ENTRIES SHOWN:
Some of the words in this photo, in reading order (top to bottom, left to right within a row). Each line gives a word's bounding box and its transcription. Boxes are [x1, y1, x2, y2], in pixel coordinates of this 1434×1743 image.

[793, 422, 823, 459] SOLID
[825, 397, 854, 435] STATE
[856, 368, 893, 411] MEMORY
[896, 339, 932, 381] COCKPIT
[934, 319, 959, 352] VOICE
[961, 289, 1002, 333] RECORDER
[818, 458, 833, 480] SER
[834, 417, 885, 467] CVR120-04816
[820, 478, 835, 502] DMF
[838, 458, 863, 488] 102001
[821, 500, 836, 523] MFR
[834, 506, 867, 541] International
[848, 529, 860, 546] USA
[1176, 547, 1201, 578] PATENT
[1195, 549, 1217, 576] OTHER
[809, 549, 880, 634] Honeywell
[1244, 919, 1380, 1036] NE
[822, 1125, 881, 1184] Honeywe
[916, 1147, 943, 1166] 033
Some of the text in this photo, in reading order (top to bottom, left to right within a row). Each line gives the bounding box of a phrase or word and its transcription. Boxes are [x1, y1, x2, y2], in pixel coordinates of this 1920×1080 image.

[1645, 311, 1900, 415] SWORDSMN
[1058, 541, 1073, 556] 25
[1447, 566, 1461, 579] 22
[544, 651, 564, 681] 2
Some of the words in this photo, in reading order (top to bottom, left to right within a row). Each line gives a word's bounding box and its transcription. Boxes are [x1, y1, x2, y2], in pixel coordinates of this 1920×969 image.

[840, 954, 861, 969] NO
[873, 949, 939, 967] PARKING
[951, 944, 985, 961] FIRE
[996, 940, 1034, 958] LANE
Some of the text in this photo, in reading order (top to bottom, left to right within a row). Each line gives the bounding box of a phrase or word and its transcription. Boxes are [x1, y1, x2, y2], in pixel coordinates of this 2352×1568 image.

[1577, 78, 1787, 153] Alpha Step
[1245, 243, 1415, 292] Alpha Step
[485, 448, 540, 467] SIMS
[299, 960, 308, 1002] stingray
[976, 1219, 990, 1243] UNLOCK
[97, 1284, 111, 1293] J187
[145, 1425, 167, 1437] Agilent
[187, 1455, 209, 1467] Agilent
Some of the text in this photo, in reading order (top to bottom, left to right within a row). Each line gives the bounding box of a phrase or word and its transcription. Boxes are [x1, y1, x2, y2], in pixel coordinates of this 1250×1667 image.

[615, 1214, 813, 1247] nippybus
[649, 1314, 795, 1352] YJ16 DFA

WORK TO COMPLETE: Write down only the closing run of lines: the one containing "this 1250×1667 image." and every line after it to the end of the entries, exactly.

EXERCISE RESPONSE:
Some of the text in this photo, in reading order (top to bottom, left to right within a row). Each line gives the bounding box of a phrase or word and its transcription. Boxes are [x1, y1, x2, y2], in pixel coordinates of this 1250×1667 image.

[615, 1214, 813, 1247] nippybus
[649, 1314, 795, 1352] YJ16 DFA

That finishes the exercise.